The therapist helps clients meet their goals. She (or he) helps clients discover their own inner resources and use these resources as the basis for new solutions. The art of therapy is to notice themes and patterns, see things from a different angle, remember seemingly unrelated events that may be important, and generally bring in her own life experience and wisdom to add a new perspective to the one the client already has.

This approach sounds different from psychiatry, psychology, and social work. Is it?

Psychiatry, psychology, and social work are based on the idea that someone is sick and requires treatment. Therapists who do not focus on pathology see symptoms as a result of people's struggles to cope with difficulties--which is the human experience.

Regardless of what you say about everyone being normal and just struggling, our family really has one very sick member. The rest of us are fine. Don't you believe there is such a thing as mental illness?

There have been many studies that find some people do have different brain chemistry. But no one knows what caused that. It is a chicken-and-egg kind of thing. Did it come from the genes? Or, did the emotional behavior of family members get copied by that individual thus causing different brain chemicals to be secreted? Or maybe the so-called sick person reacted to something painful in the family with poor coping skills. Which came first? The fact that some medications sometimes work in conjunction with therapy does not prove anything. If tylenol works for a headache, it doesn't mean I was born with that headache!

If we have someone in the family whose behavior is intolerable, should we all come in for sessions?

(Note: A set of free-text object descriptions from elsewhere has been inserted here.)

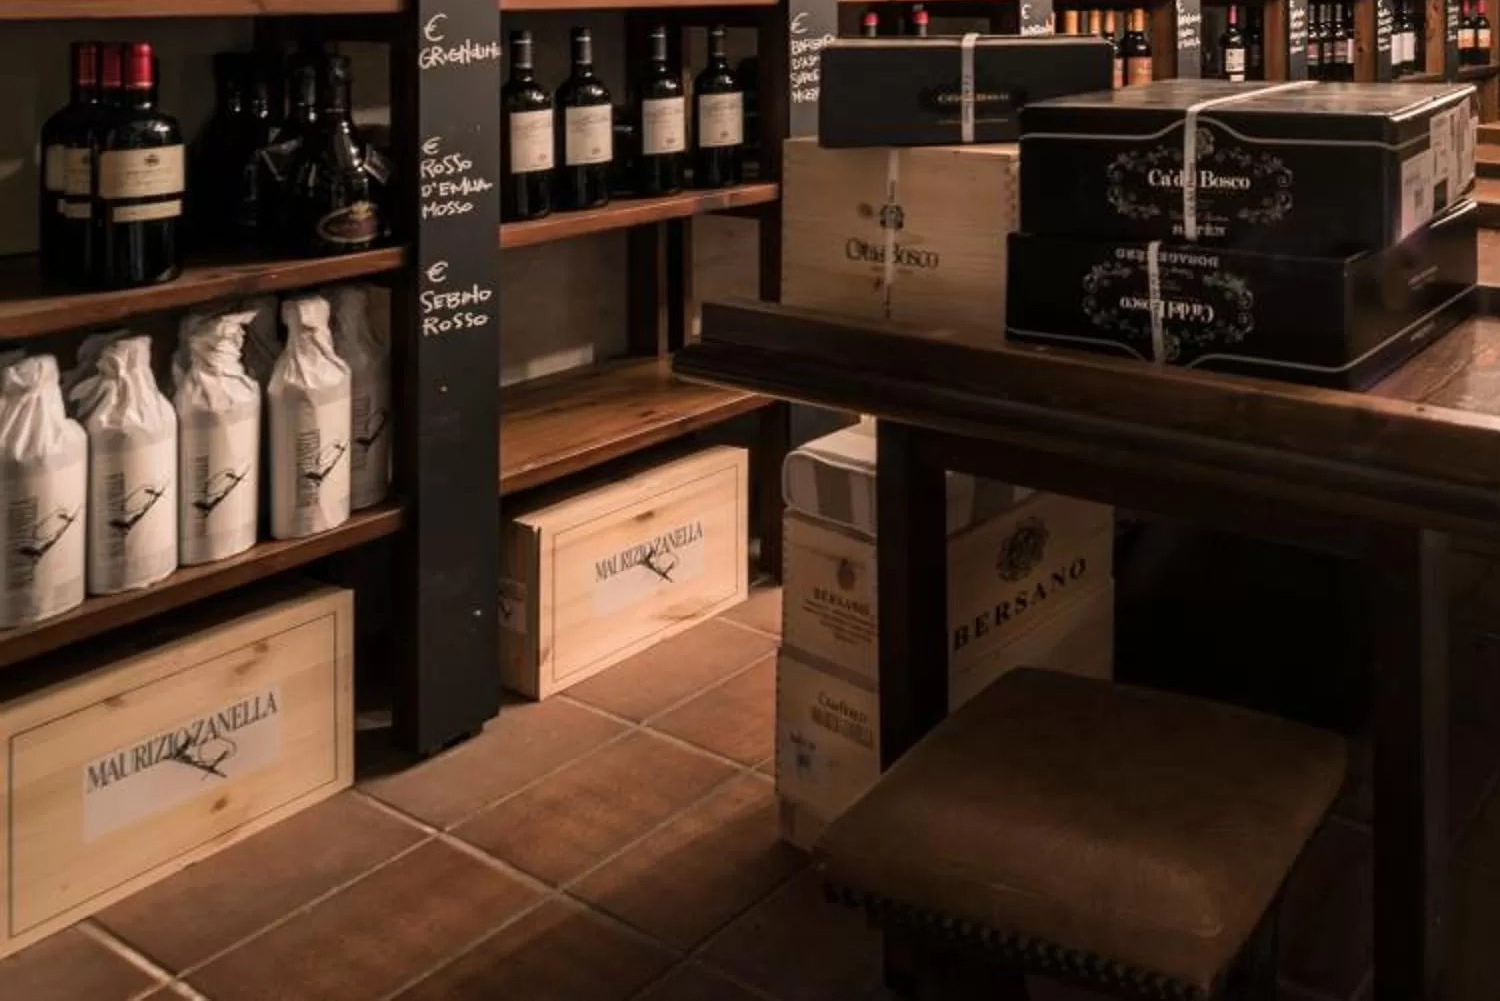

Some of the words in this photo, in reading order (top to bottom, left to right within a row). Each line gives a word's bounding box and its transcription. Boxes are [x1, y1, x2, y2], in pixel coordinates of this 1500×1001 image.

[1200, 170, 1251, 190] Bosco
[422, 312, 489, 337] ROSSO
[953, 557, 1089, 652] BERSANO
[87, 726, 191, 794] MAURIZIO
[189, 691, 279, 746] ZANELLA
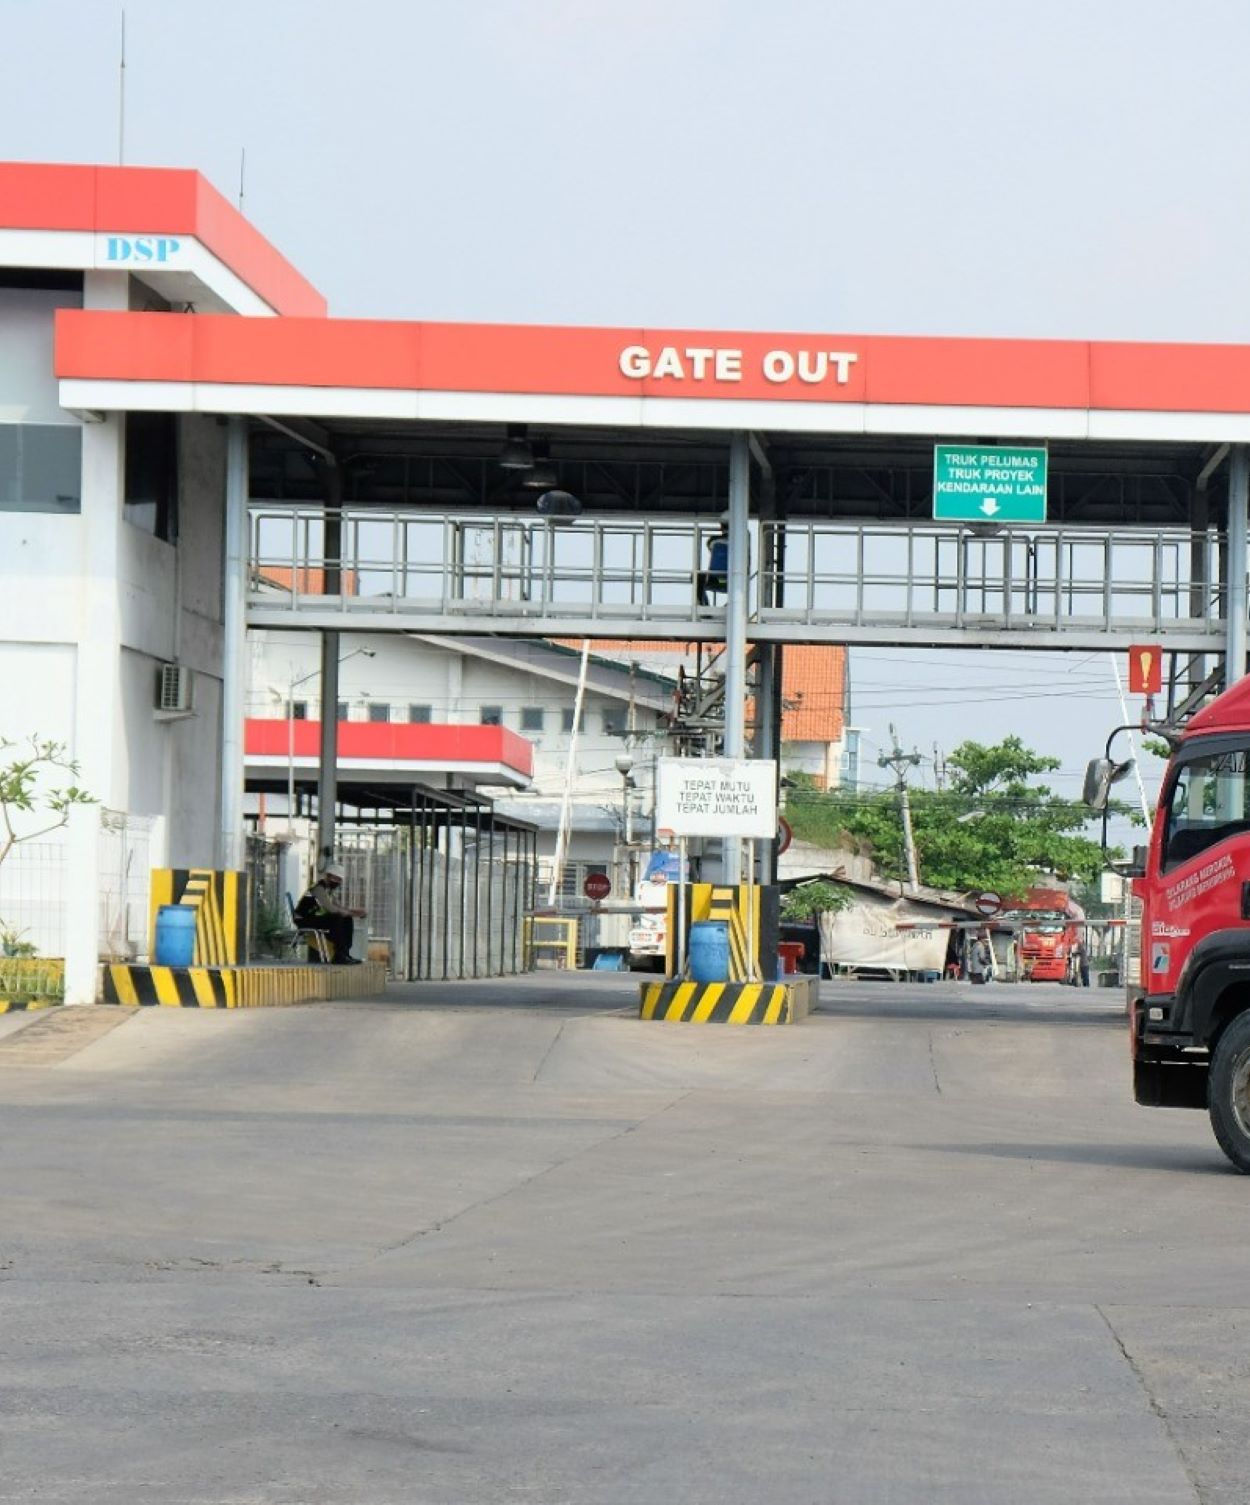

I would like to see all of you, at least the first time. Then we can play it by ear. I can work with the "difficult" family member on change while I work with you on coping.

How long should therapy take?

Children are much faster learners than adults and very resilient, I've found. All they want is to be loved, respected, disciplined lovingly, and listened to. If you can do that, you're in and out in one to five visits. Your child(ren) will most likely respond very well whether the problem is depression, hyperactivity, disrespect, uncontrollable behavior, grief, trauma, or even drugs (depending on how long he or she has abused).

Parents do often have difficulties meeting their children's needs for love, discipline, and respect because they themselves were not given these things. This is understandable--how can a person give something when she or he doesn't really know what it is or how to give it? In that case, the therapy can end up centering on the parent's needs for a while, so it can take some time.

I have a personal matter I want to discuss; it has nothing to do with my family. Can I come in alone?

Of course. Family therapists see people individually all the time.

However, it is important to know that studies have shown that often people with a variety of mental health concerns have significantly better improvement when addressed in the family context. Here is a partial list that will surprise you of some things that seem individual but often improve more rapidly in a family context: depression, anorexia, addiction, cigarette smoking. So it is up to you.

Do you see children?

Like adults, children can be either seen alone or with the family. Often a child may need private time with the therapist, but the parents' presence later may be helpful.

I am a single person, not in a relationship. Can family therapy help me?

Yes. A family orientation on my part will help you see the role your family history may have played in your current situation. Putting it into perspective like that takes some of the burden off of your shoulders.

I live on the other side of the country (world). But I like your approach. Can we work together?

Yes, we can work by phone or online.